2. Les accords d'entreprise sont-ils menacés par la remise en cause de certains accords de branche ?

a) L'articulation entre l'accord de branche et l'accord d'entreprise dépend de la taille de cette dernière

La mise en oeuvre de la loi du 13 juin 1998 reposait sur la négociation collective et les aides financières. Celle-ci étant un préalable à celles-là, la loi a multiplié les niveaux et les acteurs de la négociation 126( * ) pour aboutir à des règles d'une grande complexité qui ne sont pas sans poser des difficultés d'articulation entre la branche et l'entreprise.

L'articulation entre la négociation de branche et d'entreprise est organisée par le paragraphe II de l'article 3 de la loi du 13 juin 1998, celui-ci prévoit que :

" La réduction du temps de travail doit être organisée par un accord d'entreprise ou d'établissement. Elle peut être également organisée en application d'une convention collective ou d'un accord de branche étendus ou agréés en application de l'article 16 de la loi n° 75-535 du 30 juin 1975 relative aux institutions sociales et médico-sociales, soit, dans les entreprises de cinquante salariés ou plus, sous réserve d'un accord complémentaire d'entreprise, soit dans les entreprises de moins de cinquante salariés, selon des modalités de mise en oeuvre prévues par la convention ou l'accord de branche . Elle peut aussi être organisée par un accord conclu dans les conditions prévues par les deux premiers alinéas de l'article L. 132-30 du code du travail ".
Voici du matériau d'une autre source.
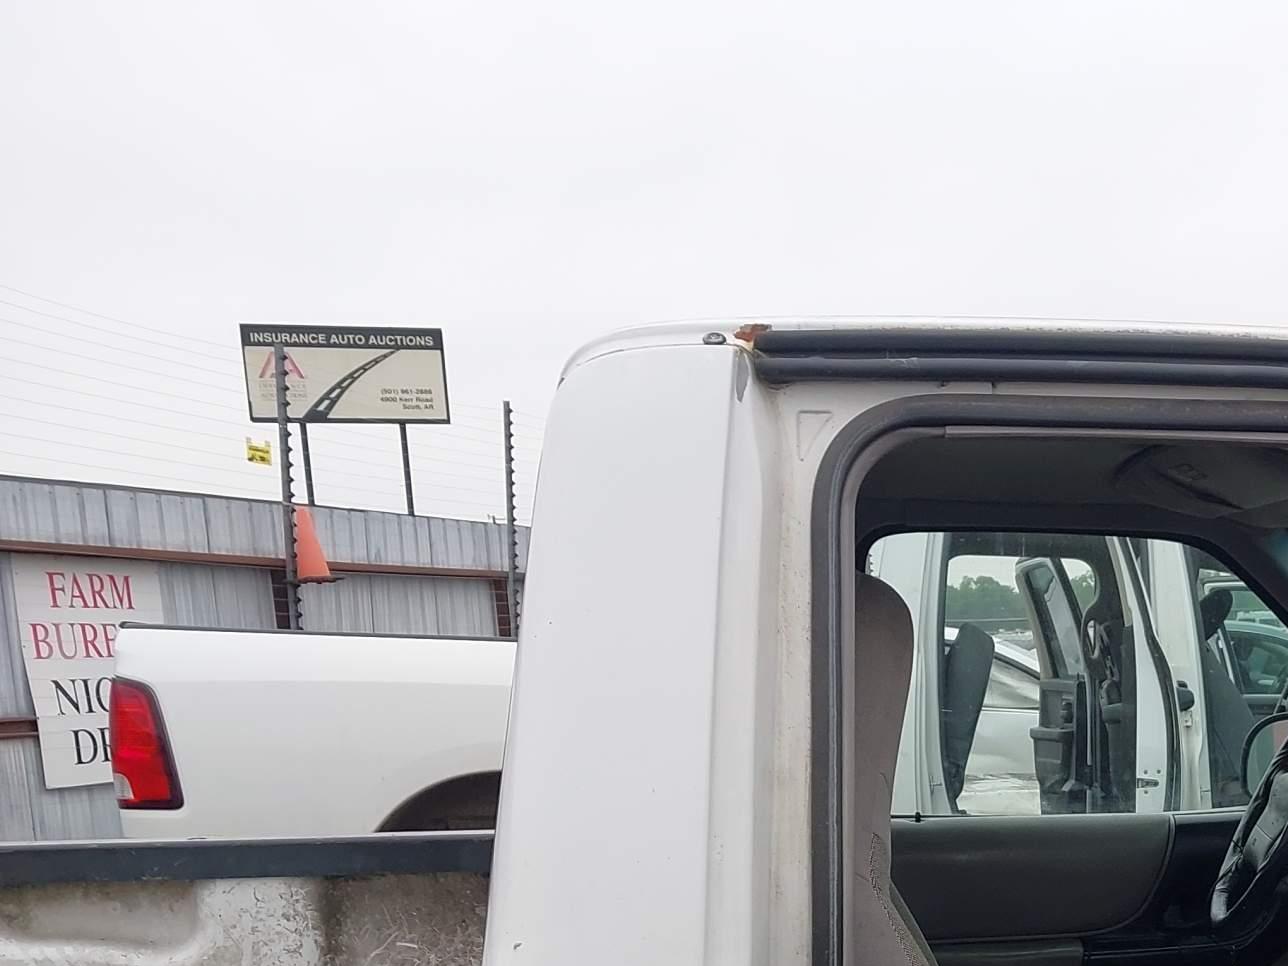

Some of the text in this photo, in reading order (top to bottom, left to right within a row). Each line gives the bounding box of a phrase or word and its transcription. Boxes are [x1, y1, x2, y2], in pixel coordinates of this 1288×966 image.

[249, 332, 434, 346] INSURANCE AUTO AUCTIONS
[45, 570, 136, 610] FARM
Comme le souligne Me Alain Souret 127( * ) , avocat conseil : " la discussion juridique (de cet article) est délicate à maîtriser, étant donné la diversité de statuts et de situations des entreprises relevant d'une seule et même branche, que ne le révèlent, d'une part, le principe d'un double niveau de négociation pour les entreprises de cinquante salariés ou plus, et, d'autre part, le principe d'applicabilité directe pour les PME de moins de cinquante salariés ". Pour apprécier le degré d'autonomie préservé par l'entreprise de plus de cinquante salariés, il conviendra d'analyser l'accord de branche avec attention.

La raison principale du recours au double niveau de négociation entre branche et entreprise tient à la volonté affichée par le Gouvernement d'avoir une négociation complémentaire de terrain, notamment pour optimiser l'organisation des temps de travail. Il est à noter que le recours à ce double niveau de négociation est devenu habituel depuis 1982, date à laquelle la loi a initié un partage de compétences entre branche et entreprise. Les partenaires sociaux se sont saisis de ce mécanisme en multipliant les accords cadres au niveau de la branche et en renvoyant, pour des points précis et le choix d'une option d'organisation des temps de travail, à un accord collectif d'entreprise. Le recours à la modulation constitue à cet égard un bon exemple, les accords cadres prévoyant les différents types de modulation possible et renvoyant à une négociation d'entreprise complémentaire le choix de l'option choisie et les modalités d'organisation.

Ce double niveau de négociation constitue pour l'employeur une garantie qui préserve son autonomie puisqu'il est libre de décliner l'accord de branche au niveau de l'entreprise ou de ne pas le faire. L'accord de branche peut ouvrir des possibilités, lui seul peut permettre par exemple une modulation de type II au-delà de 44 heures. Outre un rôle de facilitateur, la branche joue également un rôle de régulateur puisqu'elle peut permettre l'adaptation de certaines dispositions légales, comme le contingent d'heures supplémentaires, aux réalités du secteur. Enfin, la branche peut impulser la négociation en suggérant des thèmes de négociation. En tout état de cause, le chef d'une entreprise de plus de cinquante salariés, conserve la maîtrise de l'application de l'accord de branche. Cet accord ne peut lui être opposé qu'à la condition d'être d'abord parachevé par un accord collectif.

Dans le cadre des entreprises de moins de cinquante salariés, le rôle principal d'un accord d'anticipation au niveau de la branche est de permettre une organisation du temps de travail sans recours automatique au mandatement. Pour ces entreprises, le niveau de la branche cumule les fonctions de facilitateur, de régulateur et de cadre exclusif puisqu'elle est d'application directe.